== SOURCE INFORMATION ==

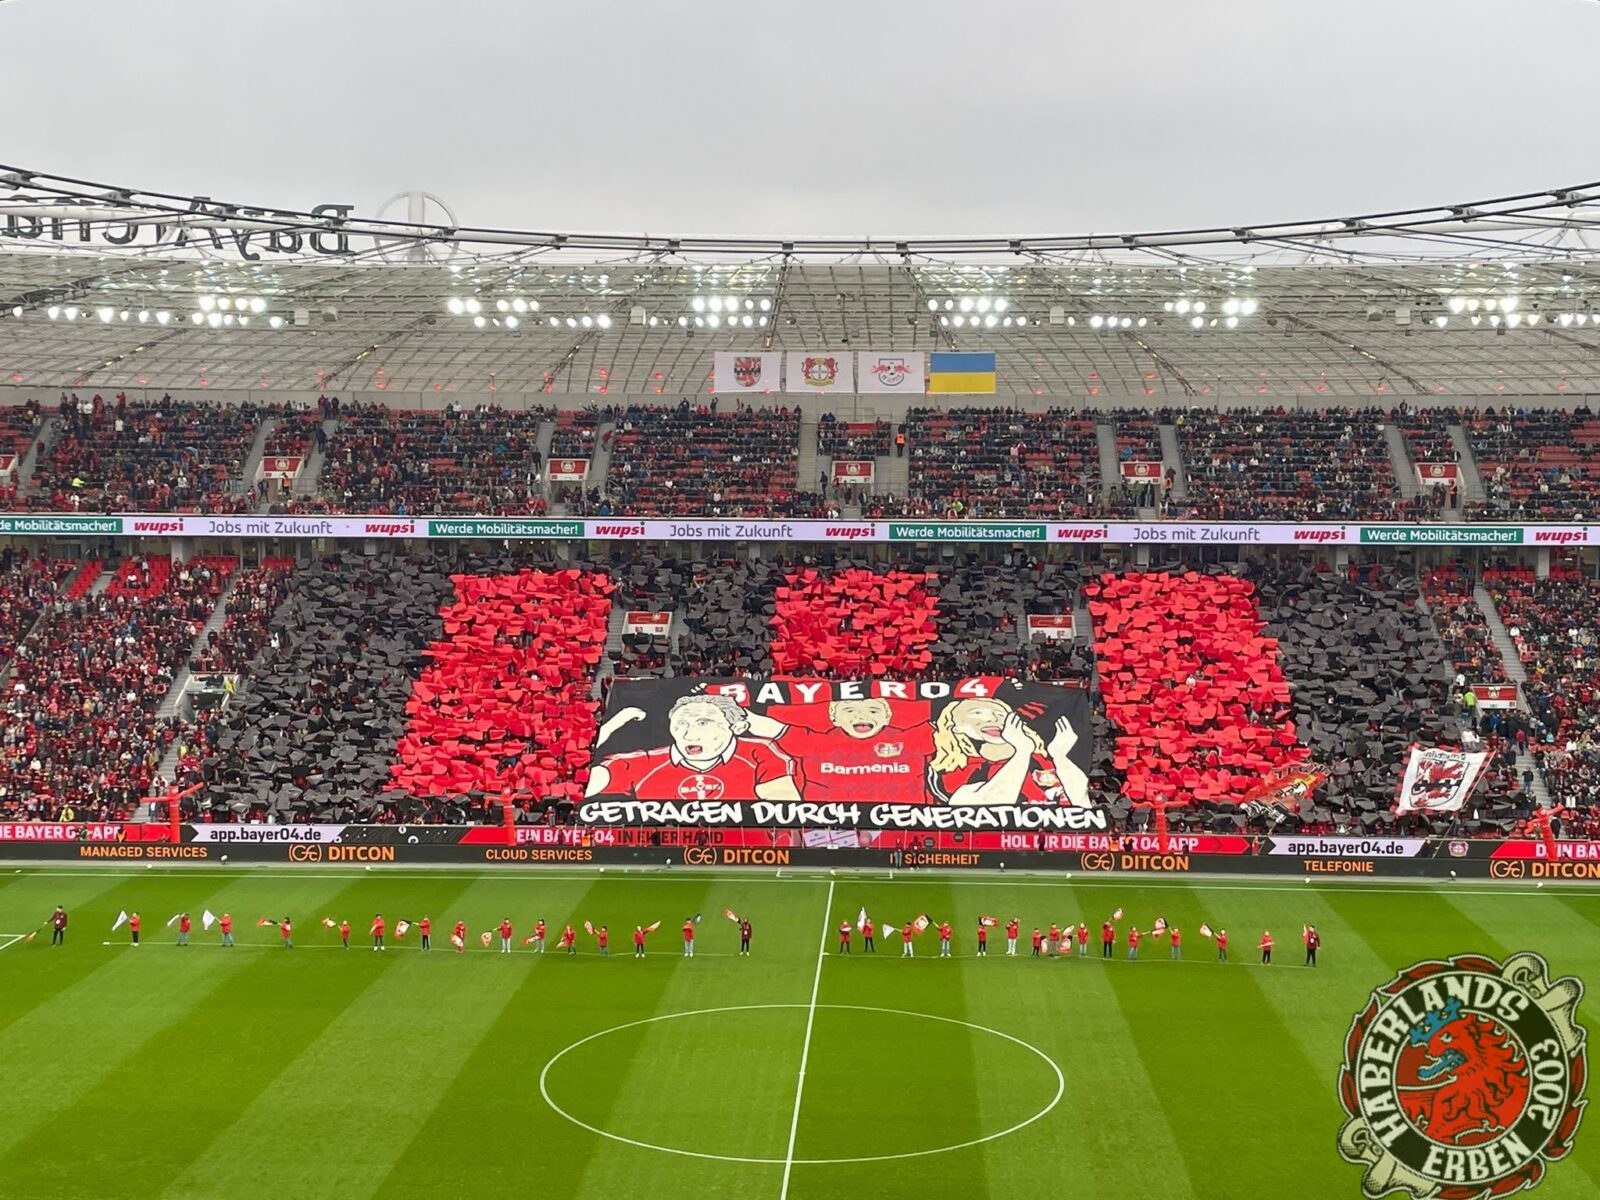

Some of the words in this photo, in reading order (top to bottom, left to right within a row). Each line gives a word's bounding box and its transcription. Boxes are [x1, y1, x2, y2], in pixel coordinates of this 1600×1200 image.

[15, 517, 117, 530] Mobilitätsmacher!
[134, 517, 184, 534] wupsi
[209, 520, 241, 534] Jobs
[246, 521, 270, 534] mit
[274, 520, 333, 534] Zukunft
[365, 519, 415, 535] wupsi
[435, 522, 473, 535] Werde
[476, 522, 579, 535] Mobilitätsmacher!
[595, 521, 645, 538] wupsi
[670, 524, 703, 537] Jobs
[707, 524, 731, 537] mit
[735, 524, 793, 537] Zukunft
[825, 522, 876, 539] wupsi
[895, 527, 934, 538] Werde
[937, 526, 1040, 538] Mobilitätsmacher!
[1057, 524, 1108, 541] wupsi
[1133, 528, 1168, 541] Jobs
[1171, 528, 1197, 541] mit
[1201, 527, 1260, 541] Zukunft
[1293, 525, 1346, 542] wupsi
[1367, 529, 1406, 541] Werde
[1410, 529, 1517, 542] Mobilitätsmacher!
[1535, 527, 1588, 544] wupsi
[820, 762, 910, 775] Barmenia
[579, 800, 744, 824] GETRAGEN
[751, 801, 862, 826] DURCH
[870, 803, 1107, 829] GENERATIONEN
[15, 825, 64, 839] BAYER
[210, 827, 321, 842] app.bayer04.de
[617, 831, 633, 844] IN
[1001, 834, 1030, 848] HOL
[1061, 835, 1086, 849] DIE
[1288, 840, 1404, 856] app.bayer04.de
[80, 846, 143, 858] MANAGED
[146, 846, 208, 858] SERVICES
[328, 847, 395, 860] DITCON
[485, 849, 528, 861] CLOUD
[531, 849, 593, 861] SERVICES
[723, 850, 790, 864] DITCON
[1121, 855, 1189, 870] DITCON
[1304, 860, 1374, 872] TELEFONIE
[1531, 862, 1600, 878] DITCON

===

ACTIVITY – Every line of the records above must reappear exactly, though the pictures must not.

REPLY –
Some of the words in this photo, in reading order (top to bottom, left to right within a row). Each line gives a word's bounding box and its transcription. Boxes are [x1, y1, x2, y2], in pixel coordinates of this 1600×1200 image.

[15, 517, 117, 530] Mobilitätsmacher!
[134, 517, 184, 534] wupsi
[209, 520, 241, 534] Jobs
[246, 521, 270, 534] mit
[274, 520, 333, 534] Zukunft
[365, 519, 415, 535] wupsi
[435, 522, 473, 535] Werde
[476, 522, 579, 535] Mobilitätsmacher!
[595, 521, 645, 538] wupsi
[670, 524, 703, 537] Jobs
[707, 524, 731, 537] mit
[735, 524, 793, 537] Zukunft
[825, 522, 876, 539] wupsi
[895, 527, 934, 538] Werde
[937, 526, 1040, 538] Mobilitätsmacher!
[1057, 524, 1108, 541] wupsi
[1133, 528, 1168, 541] Jobs
[1171, 528, 1197, 541] mit
[1201, 527, 1260, 541] Zukunft
[1293, 525, 1346, 542] wupsi
[1367, 529, 1406, 541] Werde
[1410, 529, 1517, 542] Mobilitätsmacher!
[1535, 527, 1588, 544] wupsi
[820, 762, 910, 775] Barmenia
[579, 800, 744, 824] GETRAGEN
[751, 801, 862, 826] DURCH
[870, 803, 1107, 829] GENERATIONEN
[15, 825, 64, 839] BAYER
[210, 827, 321, 842] app.bayer04.de
[617, 831, 633, 844] IN
[1001, 834, 1030, 848] HOL
[1061, 835, 1086, 849] DIE
[1288, 840, 1404, 856] app.bayer04.de
[80, 846, 143, 858] MANAGED
[146, 846, 208, 858] SERVICES
[328, 847, 395, 860] DITCON
[485, 849, 528, 861] CLOUD
[531, 849, 593, 861] SERVICES
[723, 850, 790, 864] DITCON
[1121, 855, 1189, 870] DITCON
[1304, 860, 1374, 872] TELEFONIE
[1531, 862, 1600, 878] DITCON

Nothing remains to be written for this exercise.